RAFAEL ALMANZA ALONSO

 

 

 

Invitado a este Encuentro, y no siendo yo propia mente un historiador, me atrevo a pensar que estas consideraciones sobre las distintas teologías más o menos explícitas en cuatro de nuestros grandes poetas del siglo XX, pudieran movernos a una reflexión conjunta acerca del poder de la poesía en cuanto a indagar los misterios de la trascendencia, desde una perspectiva diferente aunque no necesariamente opuesta a las doctrinas de las Iglesias, o a la teología digamos profesional o a la filosofía, integrando así de manera peculiar, acompañante e imprescindible, la búsqueda del Pueblo de Dios hacia Dios: lo que resulta de vital interés desde luego en sí mismo, por razones religiosas, pero también en el plano civil e histórico que nos ocupa.

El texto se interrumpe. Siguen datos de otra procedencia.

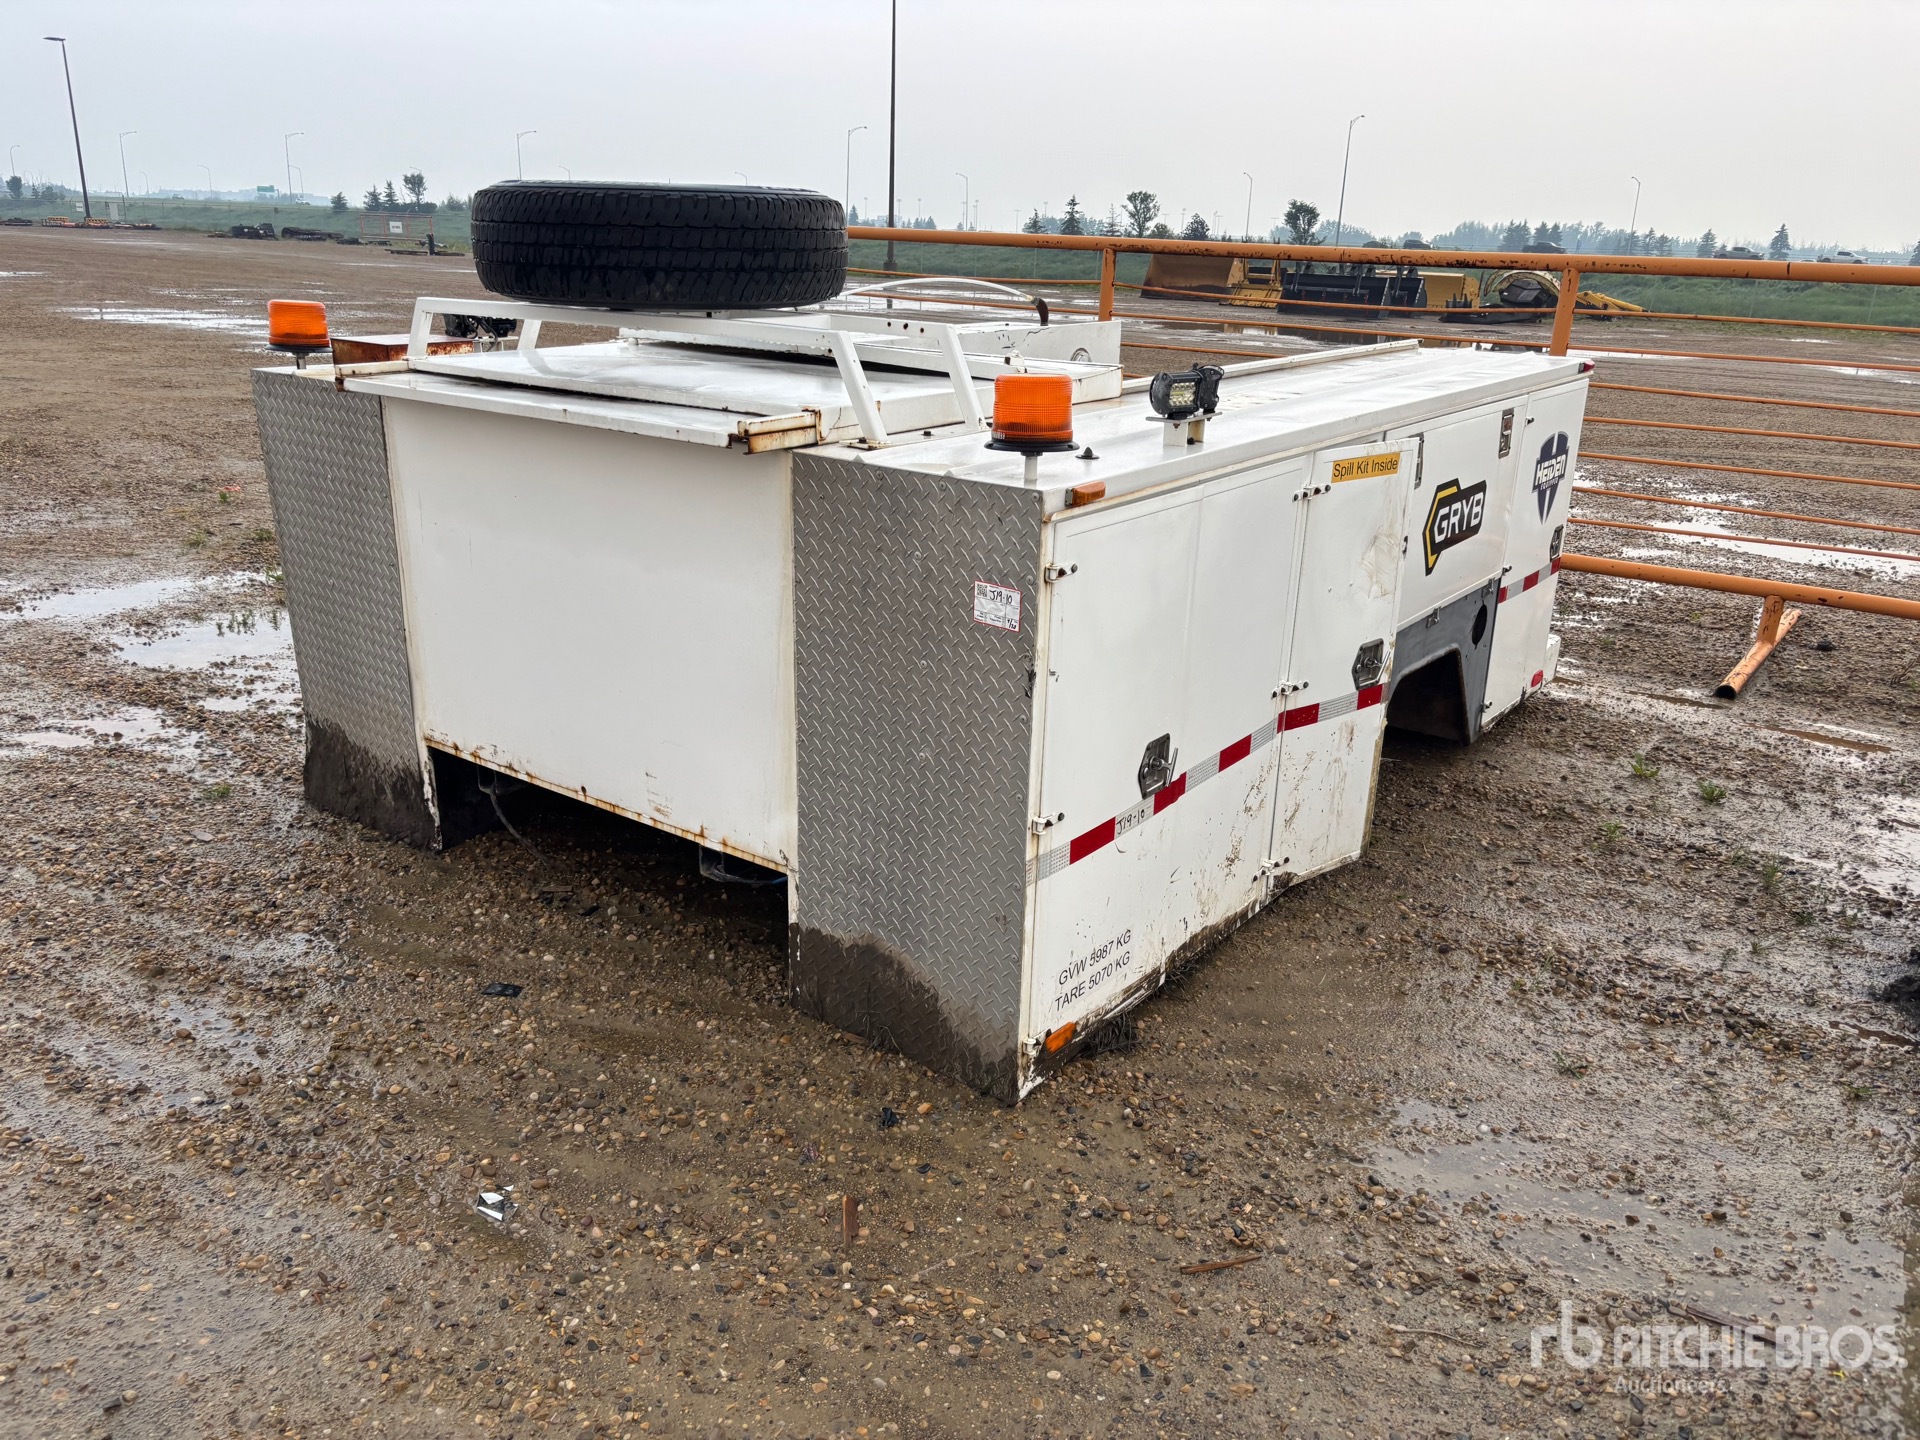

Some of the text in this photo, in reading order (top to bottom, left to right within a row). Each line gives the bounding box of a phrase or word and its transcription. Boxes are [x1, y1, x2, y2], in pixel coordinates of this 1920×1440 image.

[1333, 458, 1398, 480] Spill Kit Inside
[1434, 492, 1483, 543] GRYB
[1054, 950, 1130, 1012] TARE 5070 KG
[1058, 928, 1131, 985] GVW 5987 KG

Cuando me refiero aquí a la teología en los poetas tengo en mente pues la teología de los poetas, que se nutre de las teologías eclesiales o filosóficas pero ante todo de la naturaleza religiosa del acto poético mismo, siempre más o menos consciente o evidente en los autores y en las obras, pero que en el caso del poeta contemporáneo creyente, dotado de la inmensa autoconciencia sobre sus acciones que le dan la historia milenaria de la literatura y de la estética, le aboca continuamente al umbral de la anagnórisis en que, como creador con minúscula pero por eso mismo absolutamente despierto ante el fabuloso poder del Creador, pregunta, demanda, imagina, yerra, supone o quizás escucha lo que le viene del vehículo irrenunciable, entrañable, entre la C mayúscula y la minúscula, al menos con el argumento de que si el Creador le hizo creador es porque considera que esa semejanza debe devolverle una cierta imagen cierta, que esa intimidad no es gratuita y que no puede ni debe ser ignorada. Toda escritura sagrada es casi siempre un texto poético, pero los textos poéticos de los últimos siglos, de John Donne a Blake, de Mallarmé a Rilke, potencian la tendencia permanente de la poesía a salir -¿o a volver?- del mundo profano hacia el sagrado, a intentar una tangencia, o una superposición o un paralelo o hasta una sustitución de lo sagrado. Y lo que nos sorprende de inmediato es la rapidez con que la literatura de nuestro naciente país, que tenía sólo dos nombres grandes en el XIX, Heredia y Martí, va a asumir enseguida, un nivel de profundidad y de altura tan pasmoso que aún en esta breve comunicación se hará ostensible esta radical y universal problemática.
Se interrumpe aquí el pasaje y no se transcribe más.